Key instances of document databases' use are as follows:

Content management
Product catalog
Inventory management

Azure offers MongoDB through the Cosmos DB managed service as a document database.

Columnar

You may store data in table format using a columnar database, sometimes referred to as a column-family or wide-column database. These databases, as opposed to relational databases, use a denormalized approach to sparse data. Due to the fact that not all tables or rows must contain the same data, you can store numerous tables within a database.

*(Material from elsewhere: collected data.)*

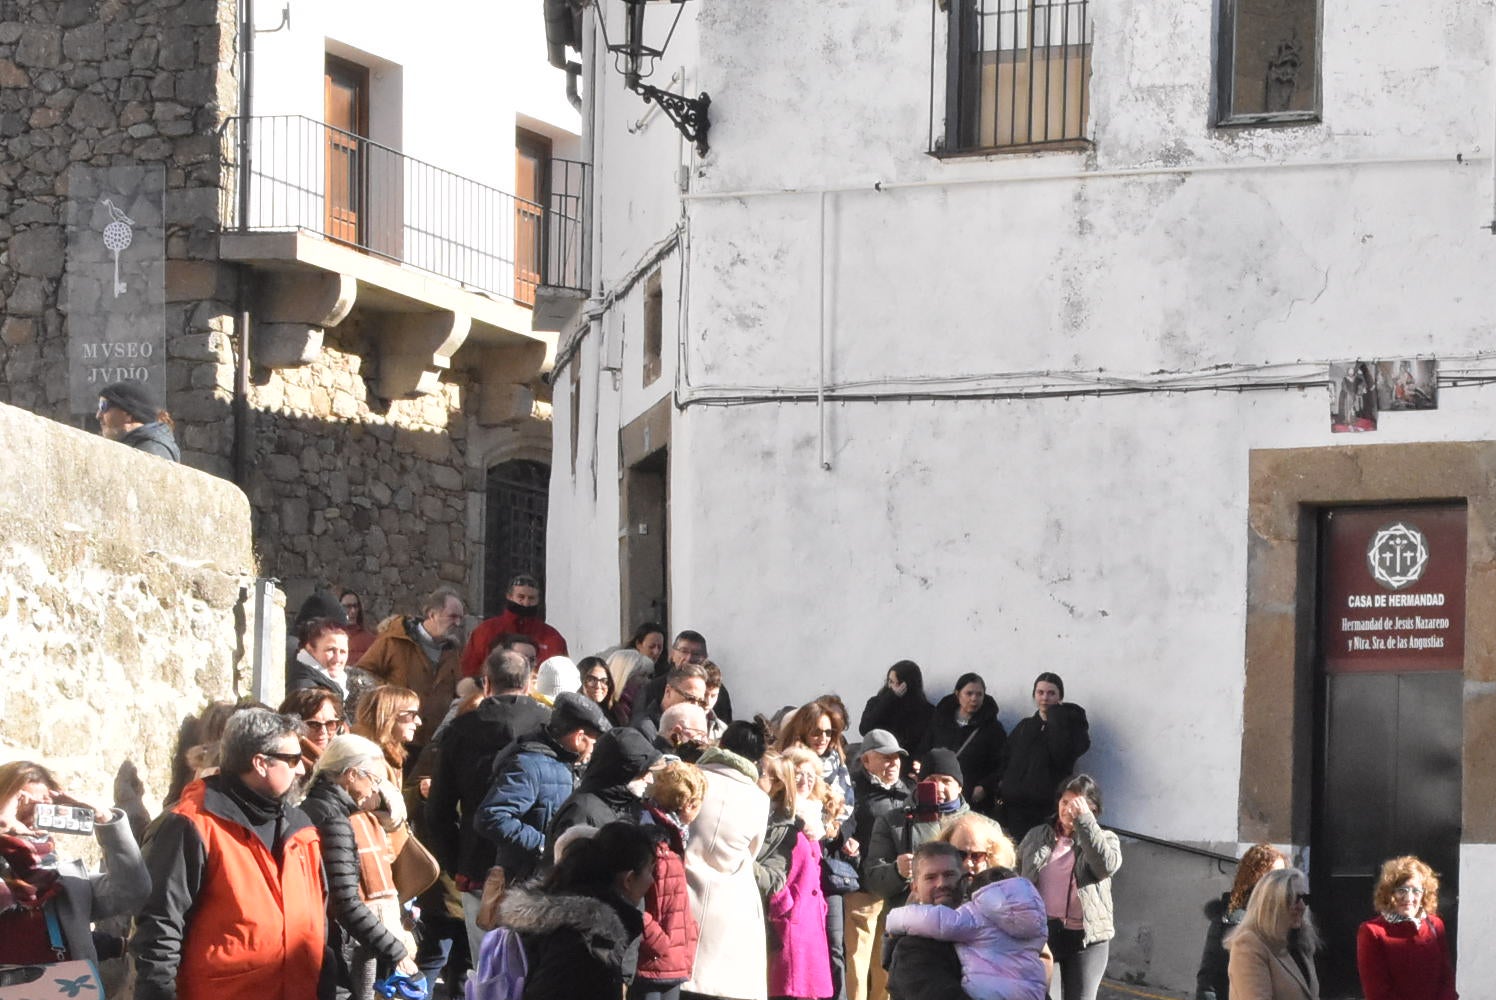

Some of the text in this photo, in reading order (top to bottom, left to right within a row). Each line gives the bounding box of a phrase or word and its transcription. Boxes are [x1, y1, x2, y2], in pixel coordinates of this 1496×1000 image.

[82, 342, 153, 358] MVSEO
[1348, 593, 1445, 608] CASA DE HERMANDAD
[1342, 617, 1383, 631] Hermandad
[1384, 617, 1393, 630] de
[1415, 615, 1449, 629] Nazareno
[1348, 634, 1444, 652] y Ntra. Sra. de las Angustias

The majority of column-family databases store data in key order, in contrast to key-value databases and document databases, which store data using a computational hash. Typically, you may define indexes for particular columns within a column-family using columnar implementations. Then, instead of utilizing row keys to access data, indexes may be used to access data.

Read and write operations for a row in columnar databases are frequently atomic with a single column-family. Although this is not always the case, certain databases may offer atomicity for several column families over the whole row.

The following are important use cases for columnar databases:

Telemetry
Messaging
Recommendations
Activity monitoring
Personalization
Social media analytics
Sensor data
Weather and other time-series data
Web analytics

Columnar database offered on Azure: Azure Table Storage

Graph

Graph databases use nodes and edges to map the connections between the data. Data values are nodes, whereas interactions between these nodes and values—which may also be directional—are edges. These databases are made to display hierarchical or intricately connected data structures.

Graph databases can run queries on a network of nodes and edges and examine the connections between the nodes and edges. Large networks with plenty of items and connections may carry out extremely sophisticated analysis fast. Furthermore, graph databases frequently include a query language that makes it simple to switch between relationship networks.

The following are important use cases for graph databases:

Fraud detection
Social graphs
Recommendation engines
Organization charts

Graph database offered on Azure: Gremlin (via Cosmos managed service)

A Cosmos DB-powered Azure NoSQL Managed Database

Cosmos DB is the NoSQL service Microsoft Azure provides that is the most capable. This managed service offers APIs and engines for several database types. Transparent multi-master replication, turnkey worldwide distribution, intelligent scalability, and a variety of consistency choices are among the characteristics offered by Cosmos DB. The main option is Cosmos DB, although there are variants available through API, including choices for

Gremlin API in Azure Cosmos DB

A graph computing framework called the Gremlin API is built on Apache TinkerPop. It has automated graph partitioning, automatic indexing, and allows you to elastically scale your database. You can run real-time queries using this API without defining views, secondary indexes, or schema hints because it employs the Gremlin syntax.

MongoDB API in Azure Cosmos DB

The wire protocol of the database is applied to Cosmos DB through the MongoDB API. You can use native MongoDB tools, drivers, and client SDKs because of this. With the help of this API, you may migrate current apps with few changes while ensuring their vendor independence.

Table API in Azure Cosmos DB

With the help of the Table API interface, you can add Cosmos DB functionality to applications created for Azure Table Storage. For instance, dedicated global throughput and millisecond latencies in the single digits. You may move apps using this API without changing the code. This API comes with client SDKs for Java,.NET, Python, Node.js, and Python.

Azure Cosmos DB Cassandra API

You may connect to already-running Cassandra apps and get data using the Cassandra Query Language (CQL) thanks to the Cassandra API. Additionally, this API offers functionality for numerous consistency levels, compliance certifications, and permanent change tracking.